Three things the $16 trillion record reveals.

The financial system runs on a credit mechanism that operates without your knowledge or consent. The Fed created more dollars than the entire US economy produces in a year and distributed them to private institutions at 0.01% interest. That credit diluted every dollar you held. You paid for the bailout through purchasing power loss, with no vote, no disclosure, and no recourse. The mechanism that made this possible is still in place.

The institutions that caused the crisis received the largest loans. Citigroup, which had assembled one of the largest portfolios of toxic mortgage instruments in the world, received $2.5 trillion in Fed credit. Morgan Stanley received $2.04 trillion. These were not institutions that had been prudent. They were institutions that were too large to be permitted to fail, which is a different thing entirely. The Fed's emergency authority does not distinguish between the two.

The dollar absorbed a $16 trillion expansion in 2008. It is absorbing US federal debt that now exceeds $36 trillion. The central banks that hold dollars as reserves have been buying gold at record levels for three consecutive years. They have the same public data you do.
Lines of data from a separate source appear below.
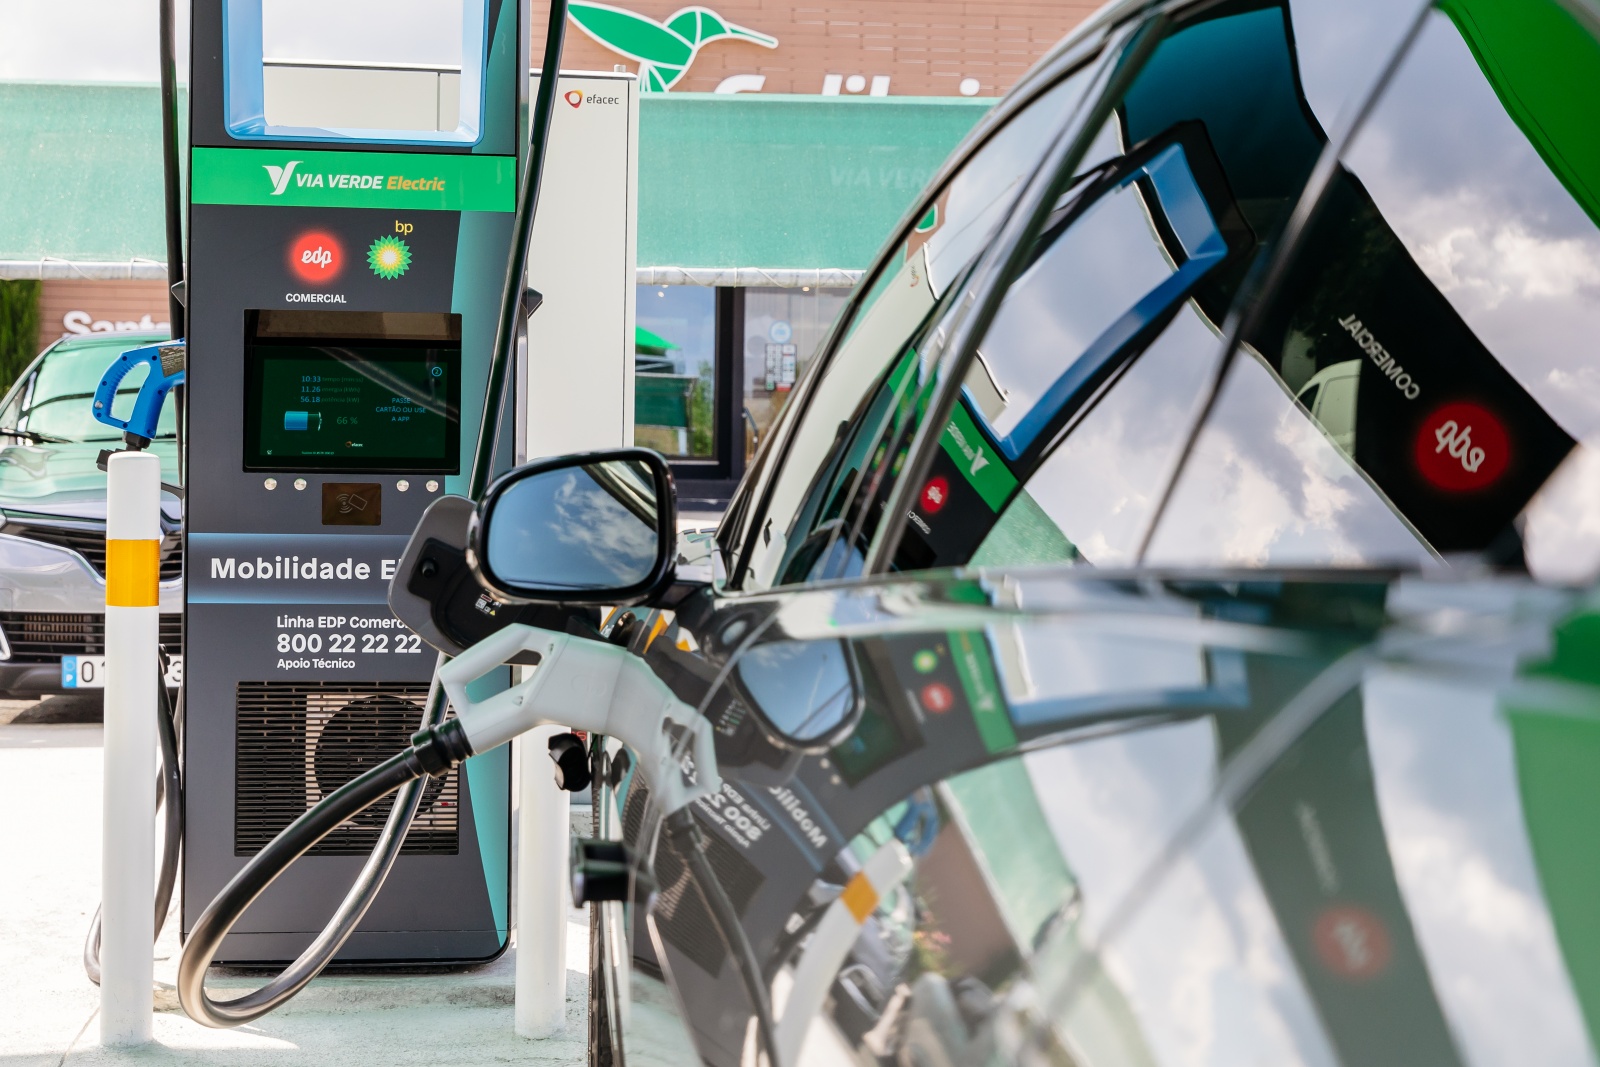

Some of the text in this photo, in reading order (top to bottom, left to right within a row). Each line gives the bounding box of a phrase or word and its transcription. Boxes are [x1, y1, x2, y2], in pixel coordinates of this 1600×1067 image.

[586, 94, 619, 105] efacec
[296, 173, 446, 192] VIA VERDE Electric
[395, 220, 413, 236] bp
[301, 246, 332, 268] edp
[285, 293, 347, 304] COMERCIAL
[301, 375, 321, 383] 10:33
[336, 416, 348, 425] 66
[210, 556, 371, 580] Mobilidade
[276, 615, 314, 628] Linha
[318, 616, 346, 629] EDP
[276, 633, 422, 654] 800 22 22 22
[276, 657, 355, 670] Apoio Técnico
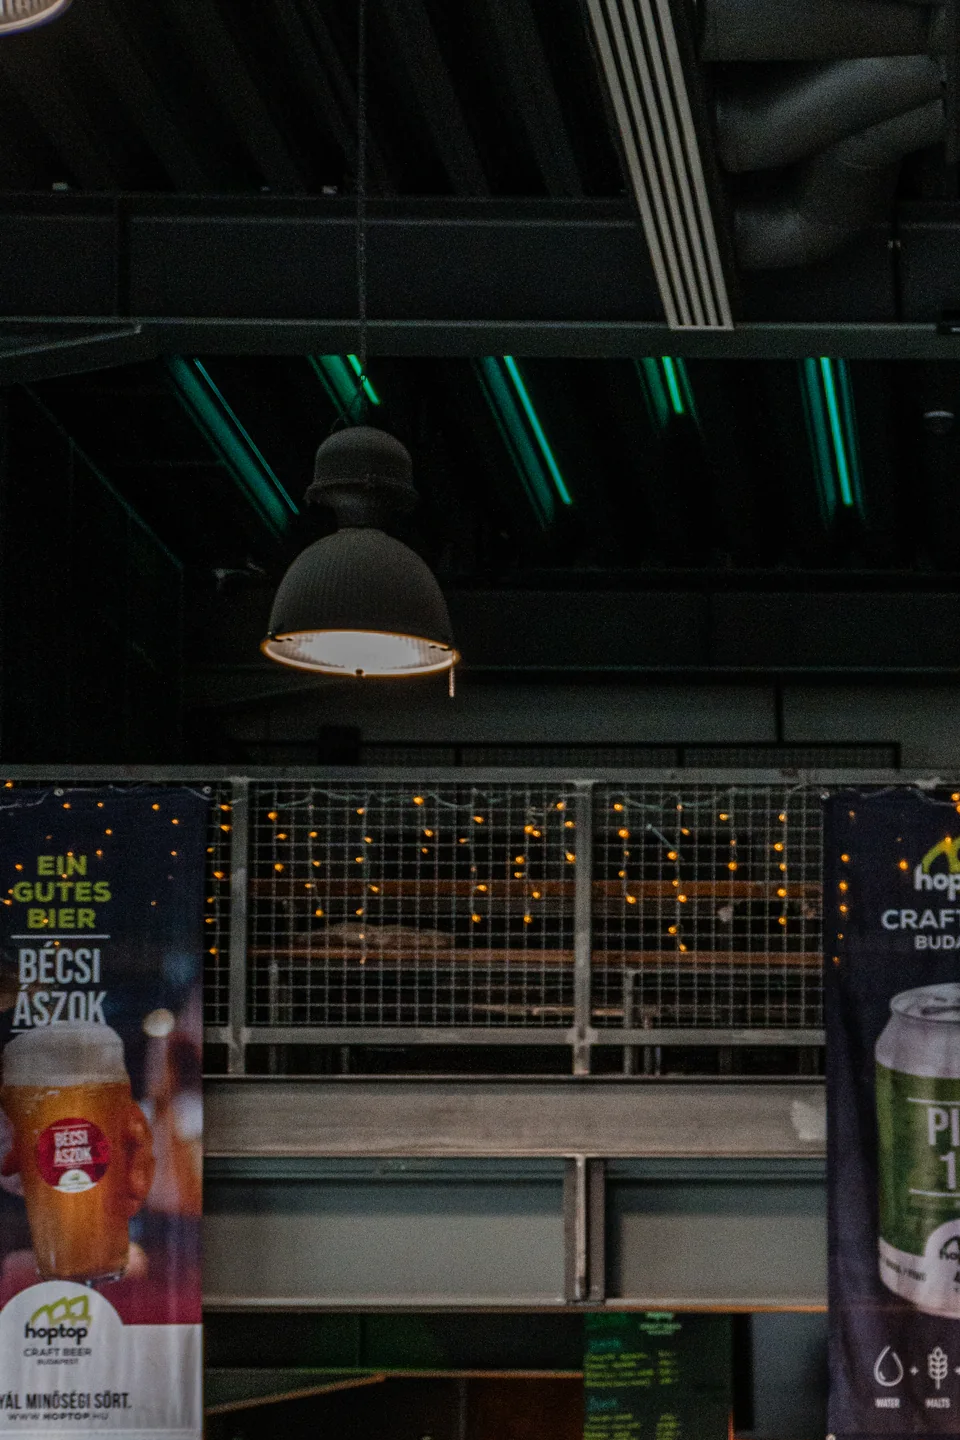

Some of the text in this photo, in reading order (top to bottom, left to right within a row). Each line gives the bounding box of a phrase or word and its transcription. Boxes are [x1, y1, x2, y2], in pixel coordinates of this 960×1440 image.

[37, 855, 87, 876] EIN
[12, 882, 112, 902] GUTES
[27, 908, 96, 929] BIER
[18, 941, 101, 985] BÉCSI
[12, 984, 108, 1027] ÁSZOK
[24, 1321, 88, 1346] hoptop
[23, 1347, 93, 1357] CRAFT BEER
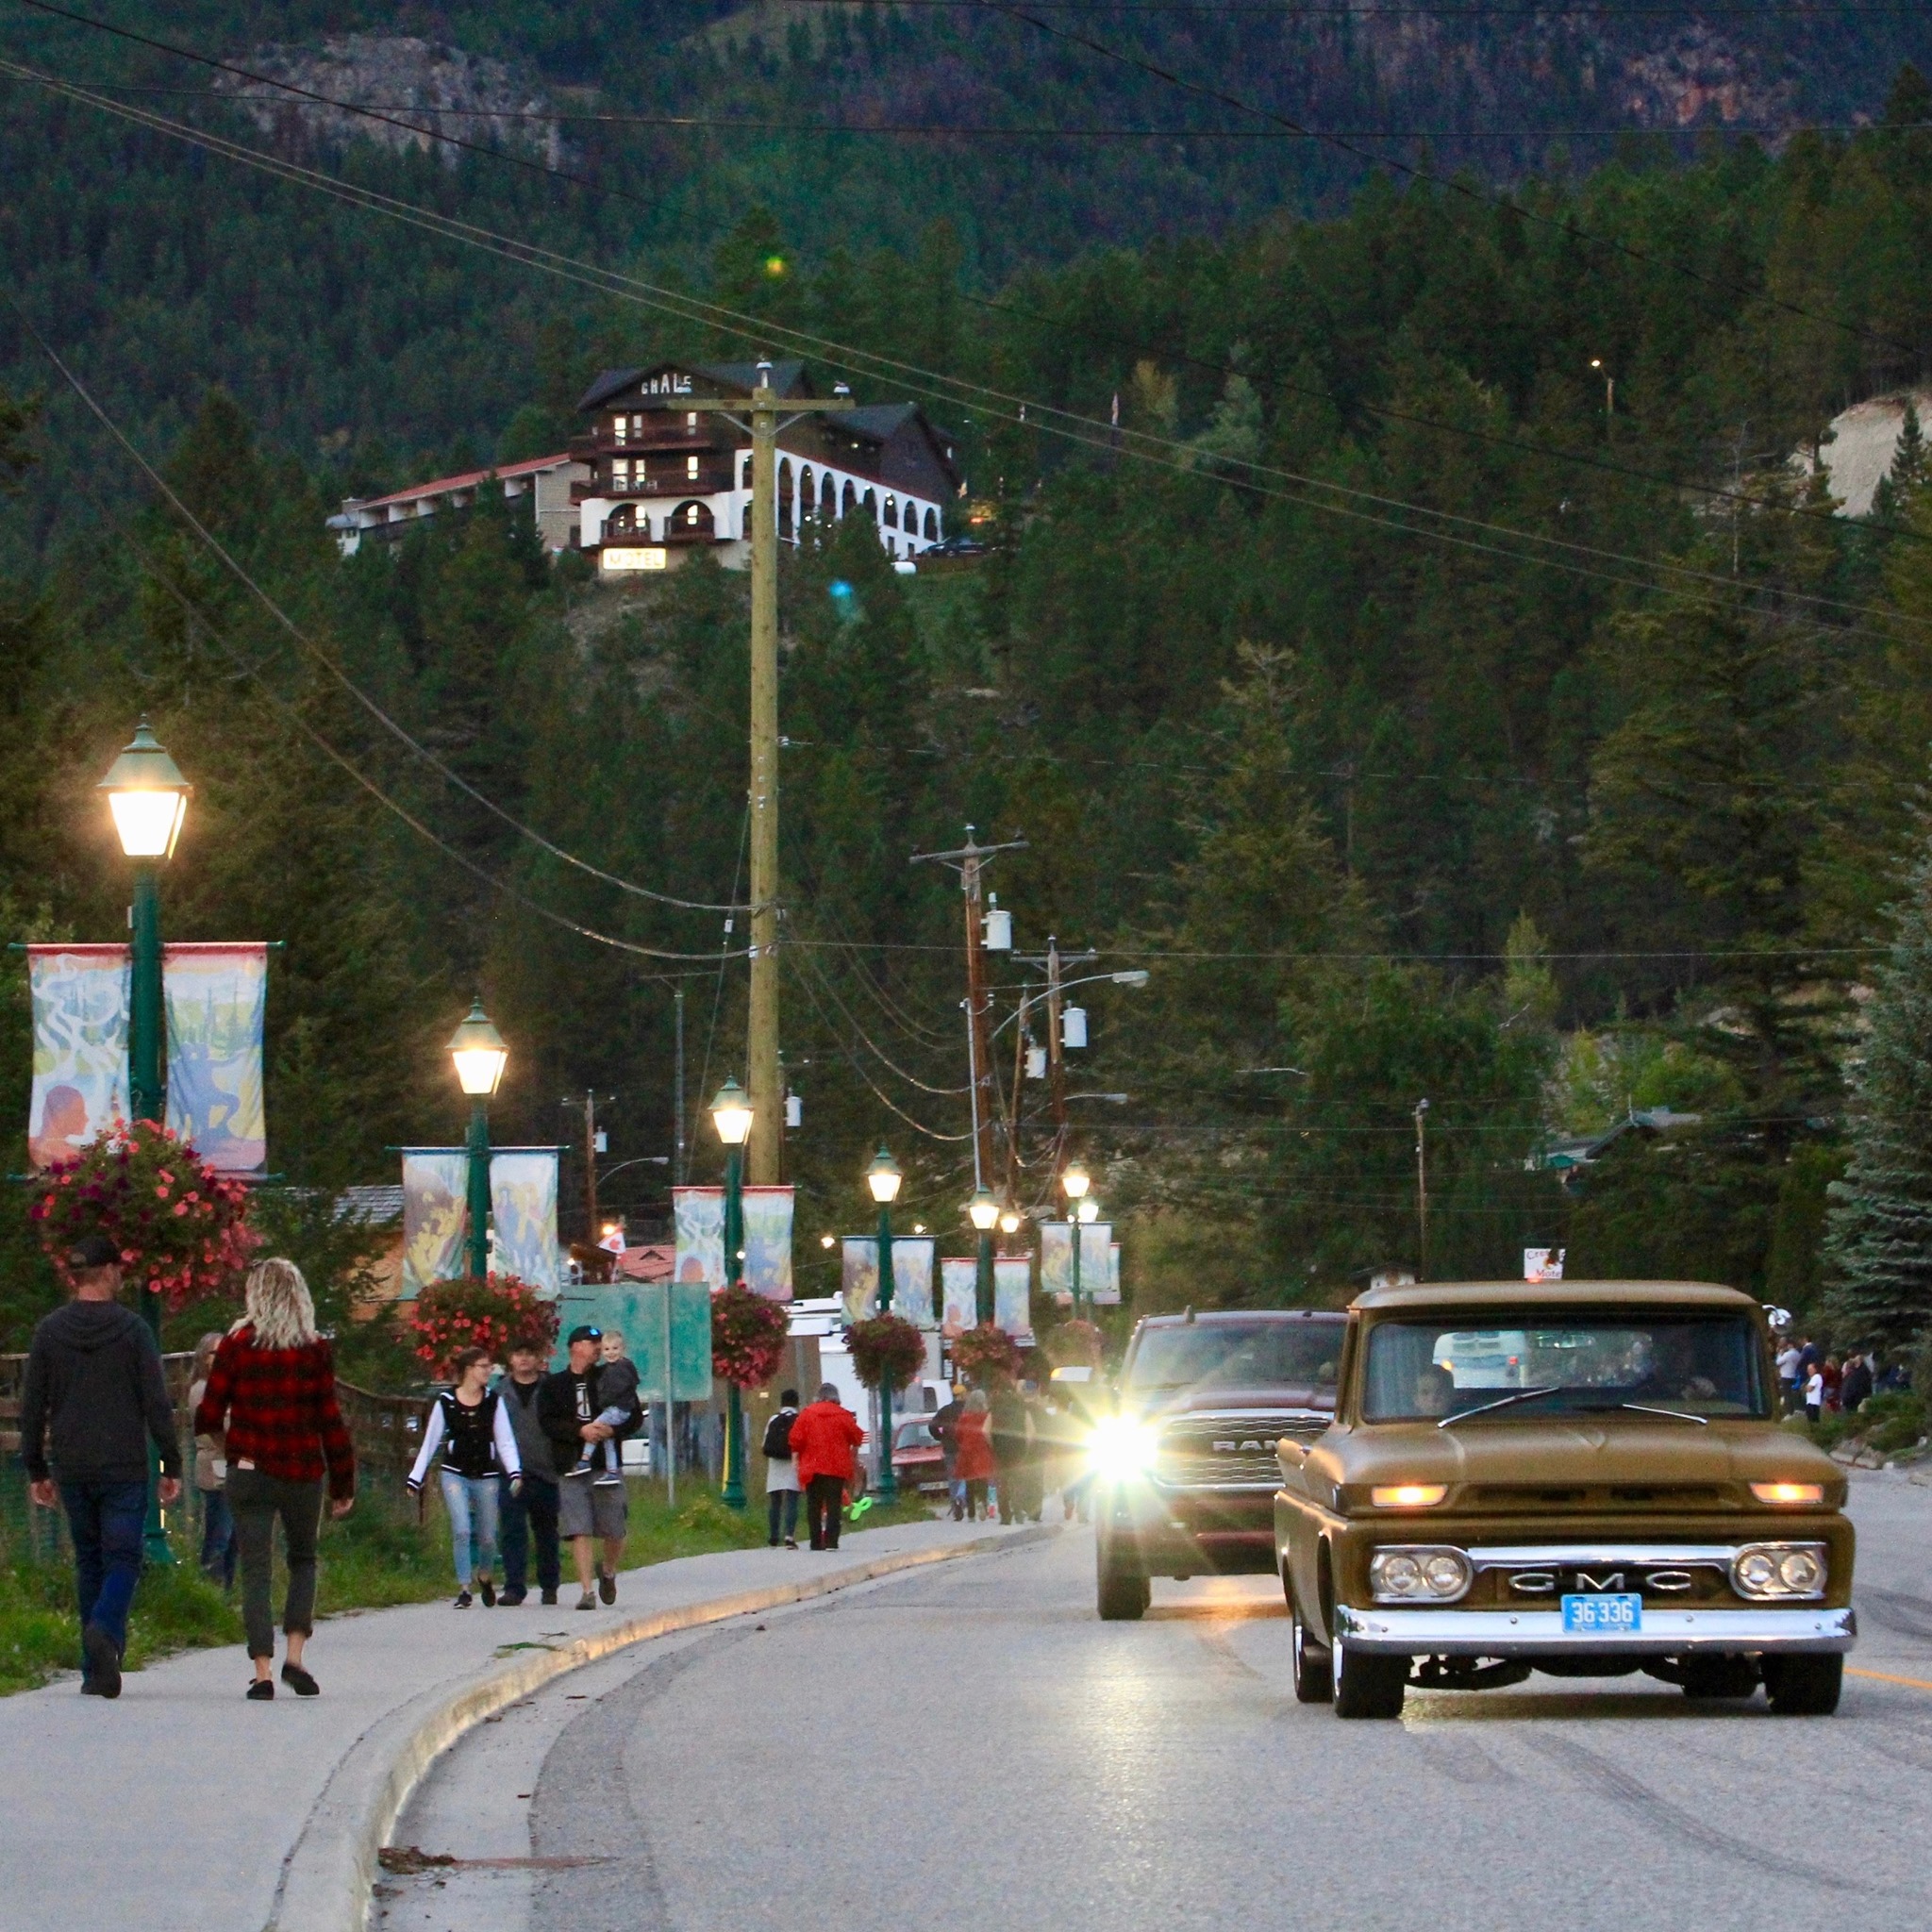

They also have 90 years of institutional memory about what happens to reserve currencies that fund their own crises through credit creation. They are not waiting to find out how this one ends.

The $16 trillion was secret for three years. The conditions that made it necessary have not been resolved. They have been refinanced.

One number to leave you with

$16,100,000,000,000. The total emergency credit extended by the Federal Reserve between 2007 and 2010.

$14,700,000,000,000. The US GDP in 2008.

The Fed lent more than the entire annual output of the American economy to private banks, in secret, at 0.01% interest, while those banks told their shareholders their balance sheets were stable.

You found out three years later. From an audit that almost did not happen.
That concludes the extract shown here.